4Department of Microbiology, Kimshealth, Thiruvananthapuram, Kerala, India

Received 5 October 2023, accepted 8 January 2024

Corresponding author

Rajalakshmi Arjun

E-mail: dr.a.rajalakshmi@gmail.com


Background: Viridans Group Streptococci (VGS) are a group of distinct species that can cause bacteraemia and other invasive infections. They are also among the common organisms causing infective endocarditis. Data on the epidemiology and clinical profile of VGS is limited, especially from India.

Methods: We conducted an electronic medical record-­based retrospective analysis of patients with VGS bacteraemia admitted to our hospital between January 2012 to December 2021. Blood cultures were incubated by BacT/ALERT system and bacterial identification and susceptibility testing were done by using the VITEK 2 microbial identification system. Susceptibility test reporting was as per Clinical and Laboratory Standards Institute (CLSI) guidelines. The incidence, clinical profile, source of bacteraemia, co-morbidities and antimicrobial resistance among VGS bacteraemia were analyzed.

Results: VGS were isolated in 219 patients, accounting for 3.2% of positive blood cultures during the period studied. The median age of the patients was 58 years and 69% were males. Diabetes mellitus was the most common co-morbidity (55%) followed by chronic kidney disease and chronic liver disease. Patients with haematological malignancy and neutropenia were few. Intra-abdominal infections were the most common source of infection and was noted in 26%. Infective endocarditis was diagnosed in only 10% of the cases. Streptococcus mitis was the most common species isolated followed by S. gallolyticus and S. sanguinis. 9.58% of the isolates could not be identified up to the species level. Overall penicillin susceptibility was 71% and ceftriaxone susceptibility was 92%, with individual species variation. In-hospital mortality was 19%.

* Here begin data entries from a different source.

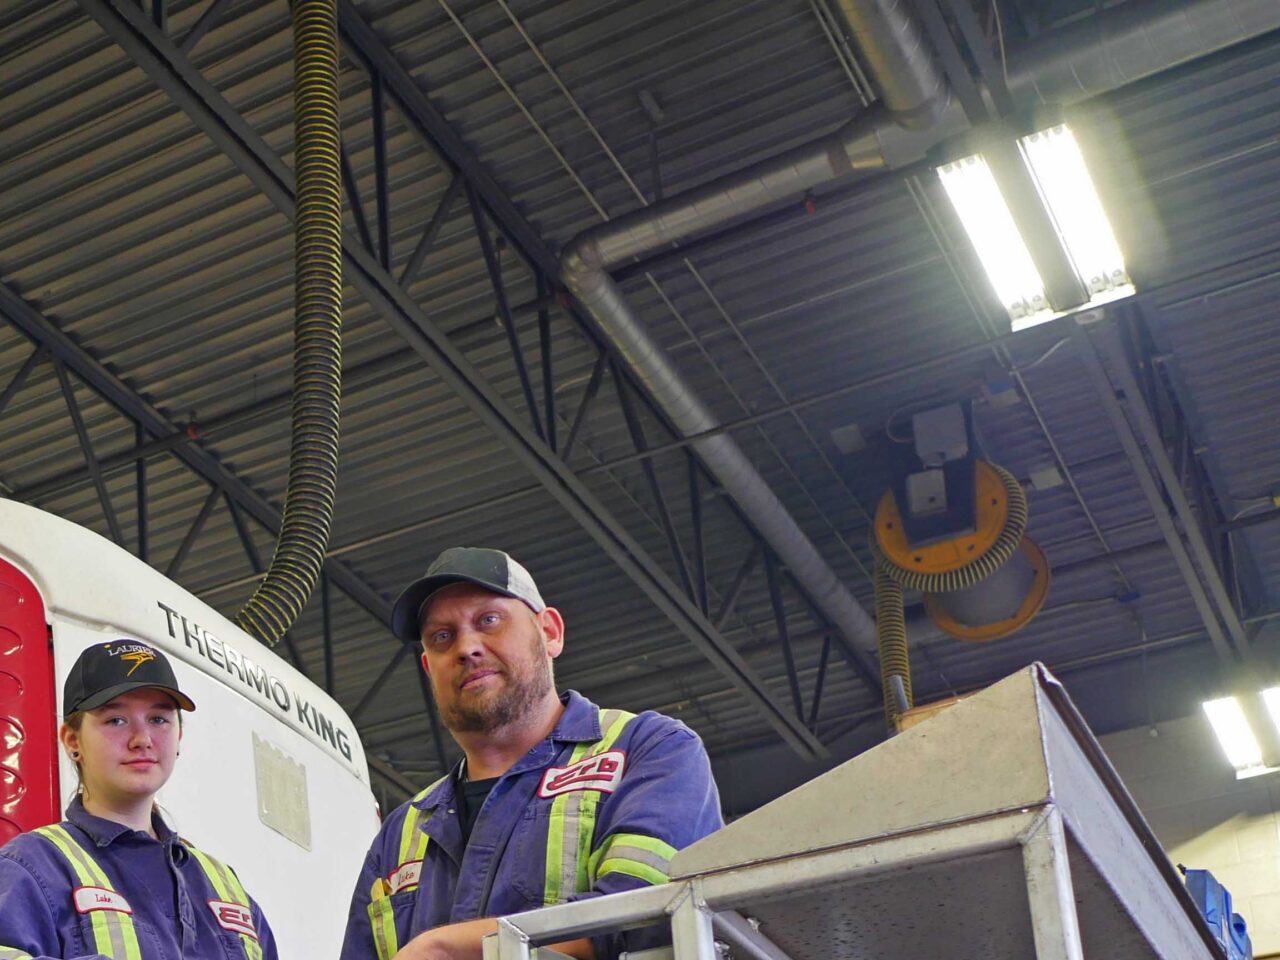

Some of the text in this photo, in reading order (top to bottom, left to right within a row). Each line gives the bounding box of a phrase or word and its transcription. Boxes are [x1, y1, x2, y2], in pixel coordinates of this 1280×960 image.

[108, 644, 157, 657] LAURIER
[157, 601, 352, 764] THERMO KING
[546, 758, 618, 790] Erb
[220, 907, 255, 930] Er
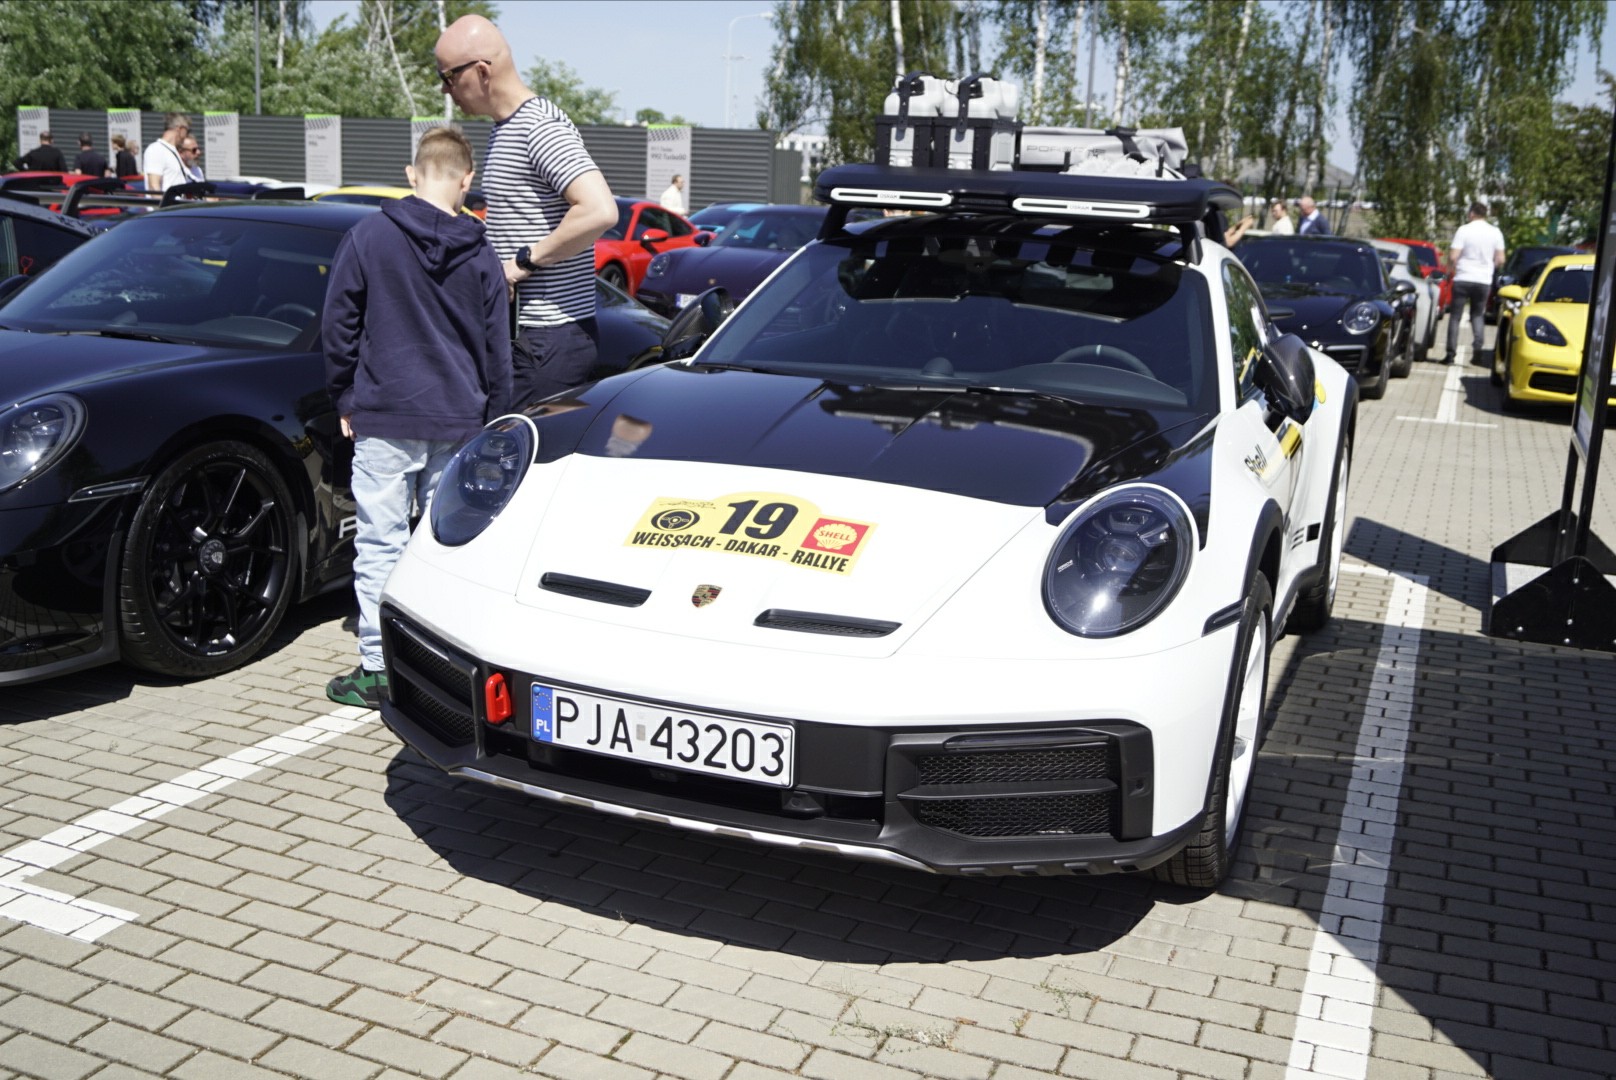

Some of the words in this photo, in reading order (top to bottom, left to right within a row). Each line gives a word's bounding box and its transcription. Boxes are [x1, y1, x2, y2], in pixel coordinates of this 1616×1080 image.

[718, 499, 799, 540] 19
[818, 530, 850, 541] SHELL
[632, 531, 715, 548] WEISSACH
[723, 539, 781, 556] DAKAR
[790, 549, 849, 572] RALLYE
[536, 718, 551, 732] PL
[556, 696, 633, 753] PJA
[650, 716, 784, 777] 43203
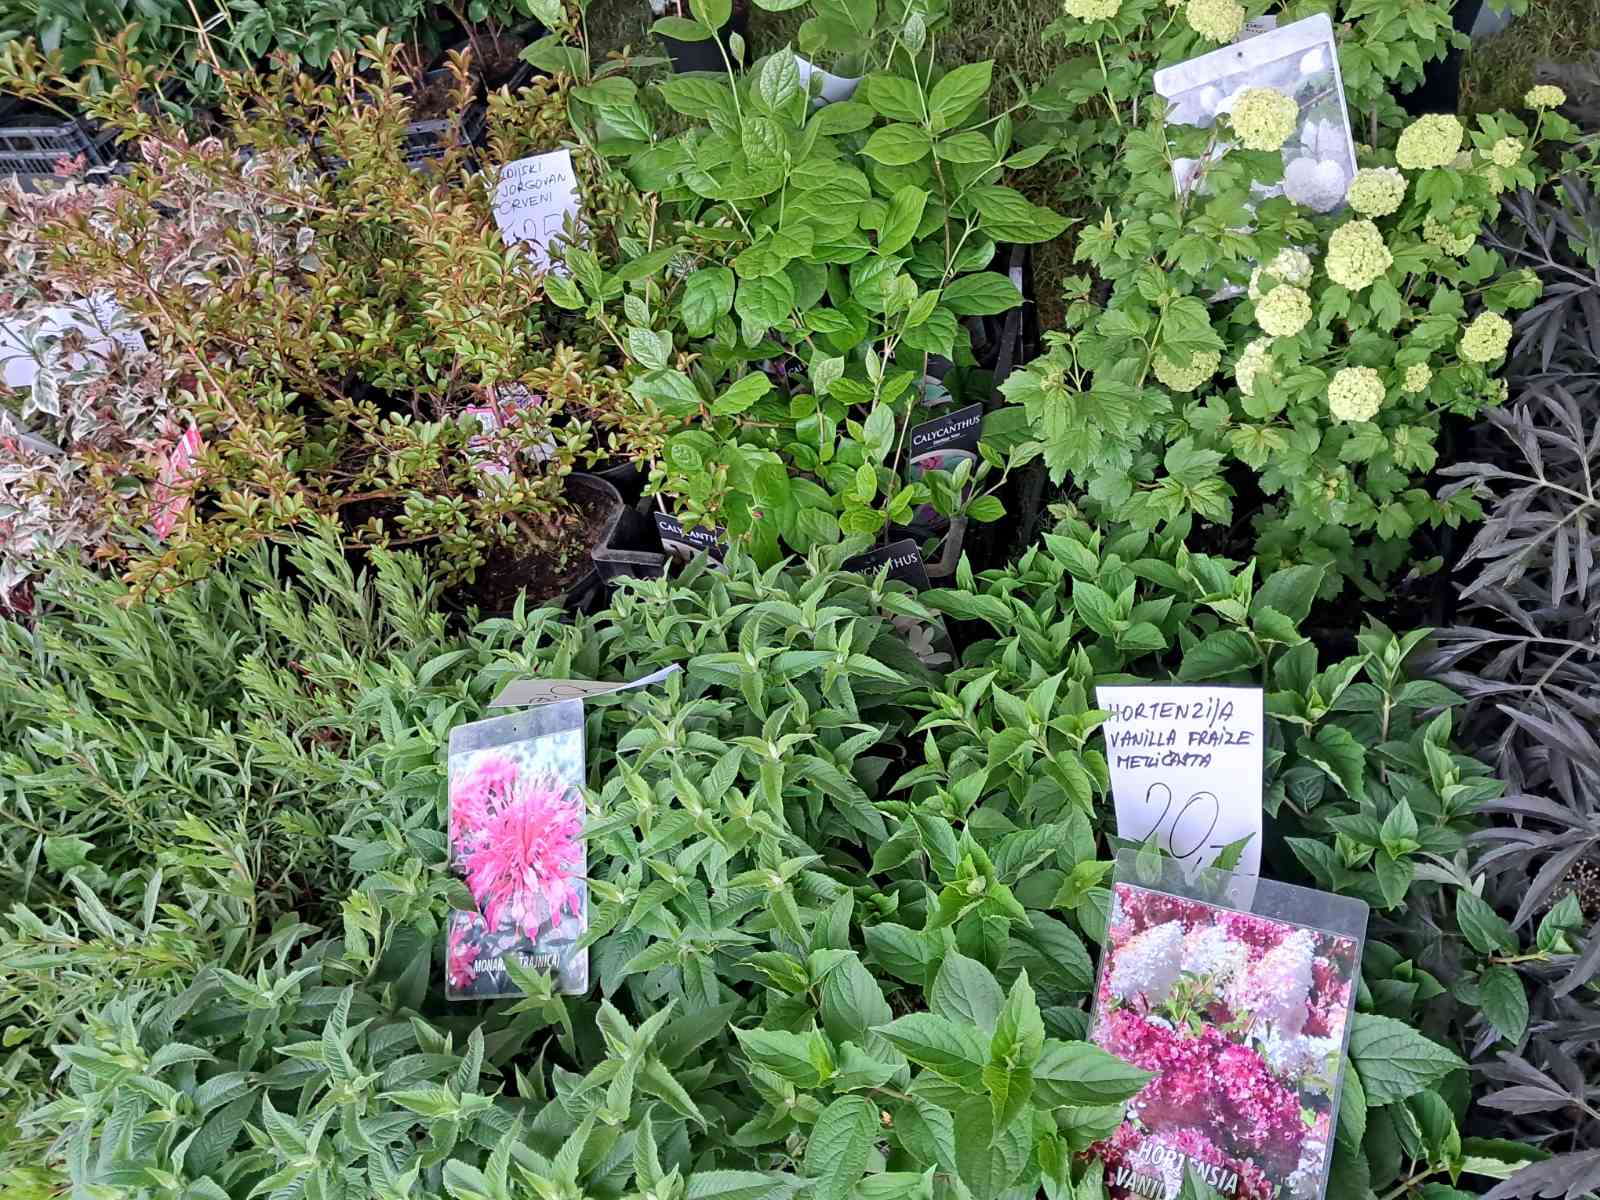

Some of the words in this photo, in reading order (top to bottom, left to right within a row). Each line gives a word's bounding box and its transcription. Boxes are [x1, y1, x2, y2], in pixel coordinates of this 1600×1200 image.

Conclusions: VGS are an important cause of bacteraemia and was associated with 19% mortality in our study. High rates of penicillin and ceftriaxone resistance are a reason of concern. Molecular diagnostics like matrix assisted laser desorption ionization-time of flight (MALDI-TOF) identification must be increasingly applied for species identification considering that a substantial number of isolates were not identified to species level.

Keywords: Viridans group streptococci, bacteraemia, infective endocarditis, Streptococcus mitis, Streptococcus gallolyticus.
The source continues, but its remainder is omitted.